One of my first summer reads this year was Douglas C. Merrill and James A. Martin’s Getting Organized in the Google Era, a book on organization and productivity.

Getting Organized in the Google Era CoverThe book is devoted to two primary themes: Merrill’s insights on organization and information management (from his PhD and background in cognitive psychology, as well as his career as a Google and EMI Music executive), and descriptions of how he uses various digital tools (mainly free Google products) to stay organized.

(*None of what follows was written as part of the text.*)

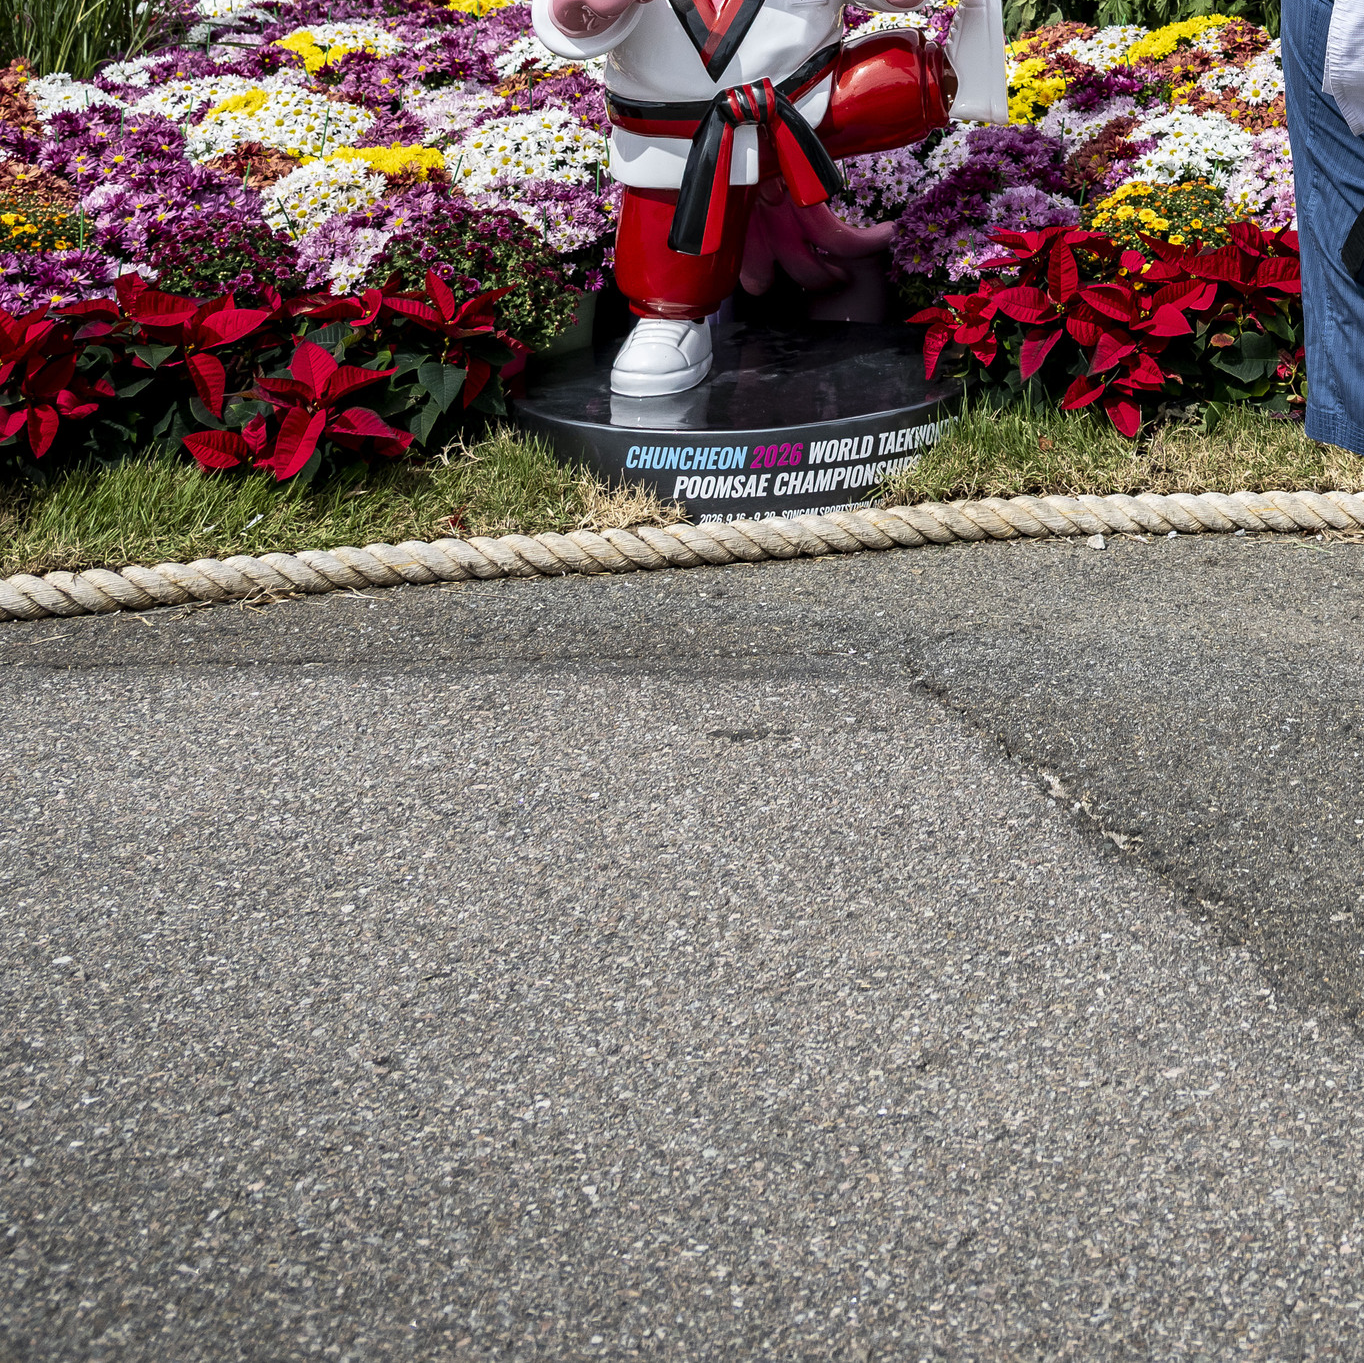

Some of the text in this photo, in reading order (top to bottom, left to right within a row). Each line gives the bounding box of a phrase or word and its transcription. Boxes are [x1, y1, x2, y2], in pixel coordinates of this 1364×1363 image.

An unstated core premise of the book is that search (e.g. in Gmail) can replace a lot of labor-intensive organizational strategies, such as meticulously filing everything message or document in folders. This is a fairly straightforward idea, and not one that I thought needed a whole book to explain it.

However, the book is full of other ideas that are smart and useful, such as keeping track of important documents by emailing yourself a PDF and describing it in the message with keywords that you can use later to easily find it. He also suggests stating in the email where the hardcopy original is filed, which is particularly useful for legal documents.

If you haven’t read David Allen’s Getting Things Done, you should do so before reading Getting Organized in the Google Era. But Merrill and Martin’s book is a fun read and a great tour of the mind of a highly productive and creative leader.

Getting Organized in the Google Era is available in hardcover and Kindle e-book editions.

See also: Get Organized! Time Management for School Leaders, which I reviewed recently.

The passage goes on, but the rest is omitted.